Irritability is easy to spot. A colleague may have a short temper or make uncharacteristically nasty remarks. Irritability could be the result of a bad night’s sleep or a troublesome journey to work. But it can also be a sign of someone who is emotionally fragile after bullying.
When bullied, some people withdraw into themselves and show outward signs of tiredness. They may, when asked, be unable to explain just why they are so weary. Such tiredness can also have a link to depression. This is one of the most alarming psychological effects of bullying.
Confusion is different to reduced alertness and poor concentration. It’s a mental state that’s distressing for both the sufferers and their colleagues. Once again, confusion is fairly easy to spot. But a bullied person may not just be confused about work. He or she may also become confused about personal matters unrelated to the workplace.
10. Burn Out
The ultimate symptom of bullying is burn out. At this point, the sufferer is physically and mentally exhausted. What an employer should find out is why the burn out occurred, and what to do to prevent this happening again.
The above symptoms are not exclusive. Nor do they automatically indicate bullying. But proven links exist between these symptoms and bullying behaviour. Such behaviour can affect workers badly. The overriding concerns of experts in this field are physical and mental health problems.
Bullying in the Workplace Can Make Workers Sick
Bullied people can develop a long list of health difficulties. These include depression, colitis, migraines and high blood pressure.
Victims of bullies may also have dry skin and rashes, coughs, frequent indigestion and a need to urinate often. These health issues are for a doctor to check and rectify. But the long term solution is to stop bullying.
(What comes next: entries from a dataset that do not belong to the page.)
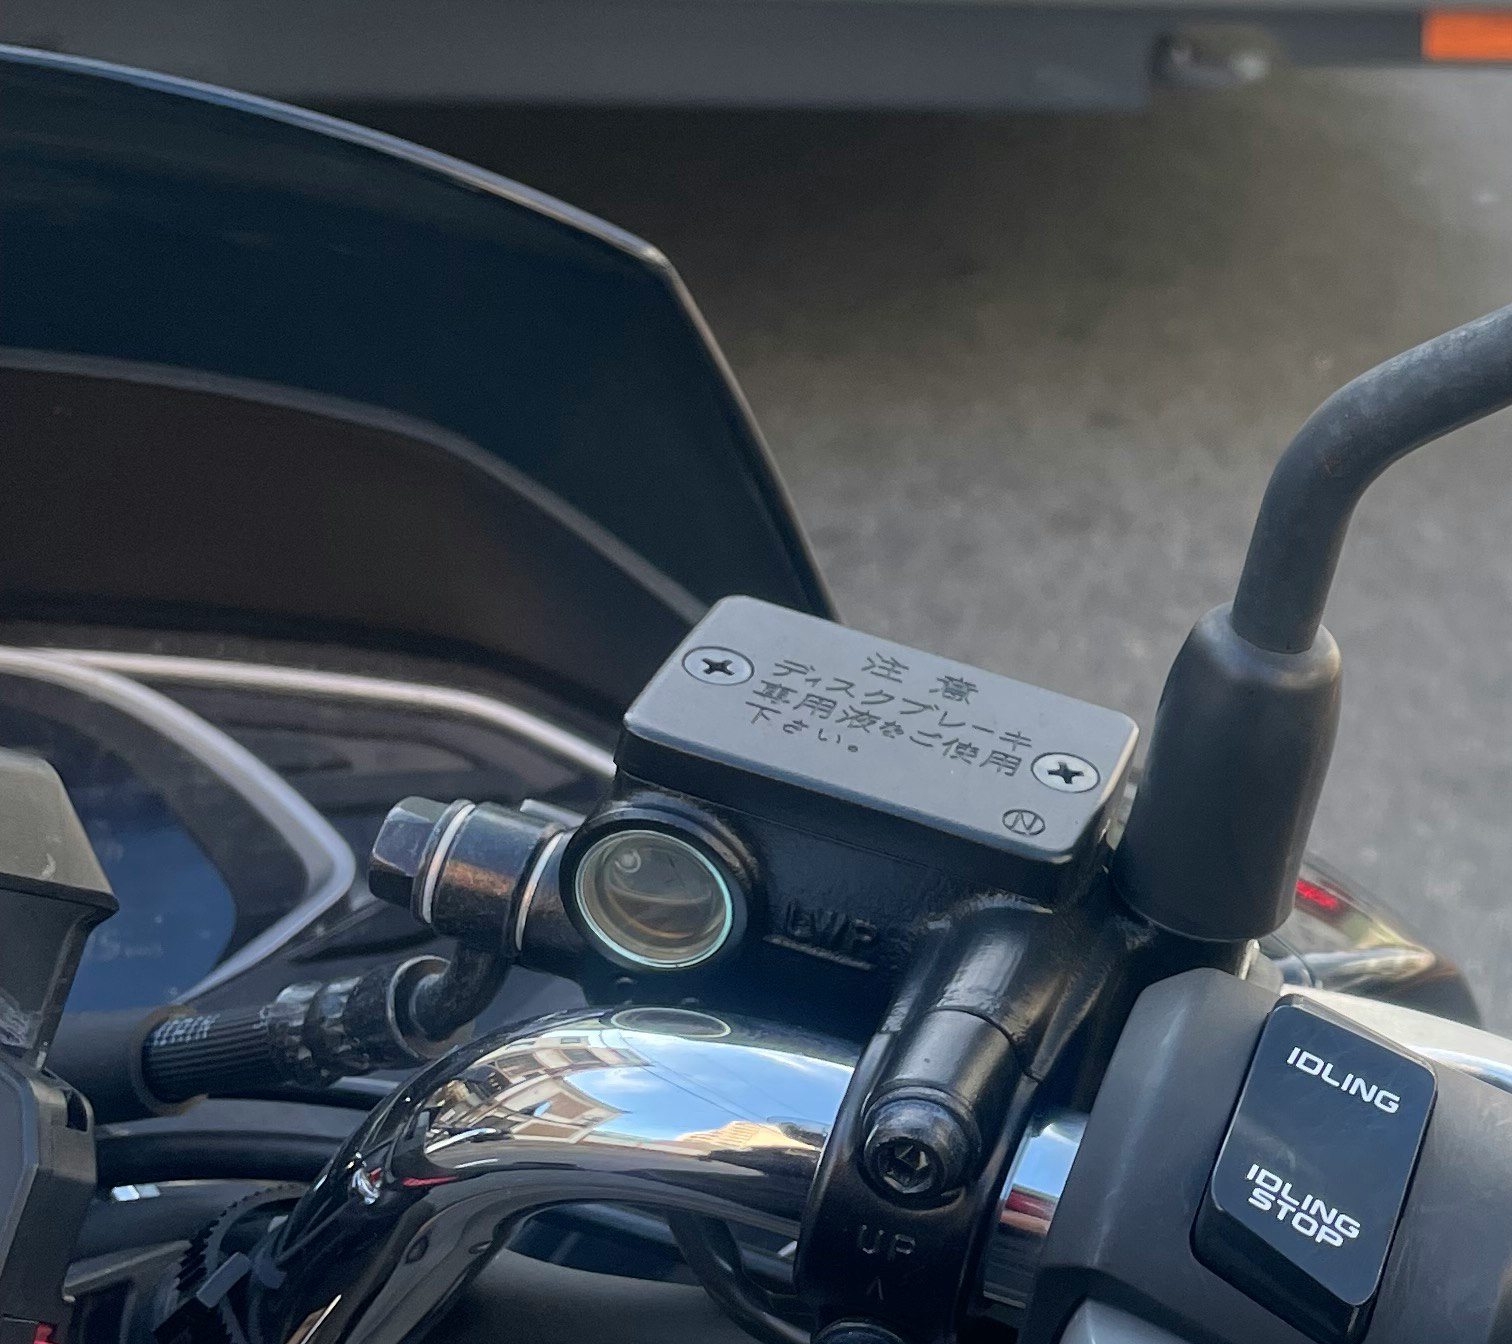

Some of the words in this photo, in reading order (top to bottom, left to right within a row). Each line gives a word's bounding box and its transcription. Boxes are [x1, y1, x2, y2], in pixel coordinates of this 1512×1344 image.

[744, 700, 860, 754] 下さい。
[752, 678, 1023, 777] 専用液をご使用
[771, 658, 1033, 751] ディスクブレーキ
[1286, 1046, 1401, 1115] IDLING
[1246, 1163, 1361, 1239] IDLING
[1247, 1187, 1345, 1248] STOP
[858, 1223, 917, 1262] UP
As such, all workers should be on the alert for symptoms of bullying. It’s better to address these than allow accumulated stress to damage a worker’s health and lead them to take time off sick with mental health issues.
If an employee has to leave a job because bullying at work has made them unwell, and the employer has failed to deal with it, they may have grounds to go to an employment tribunal and seek compensation.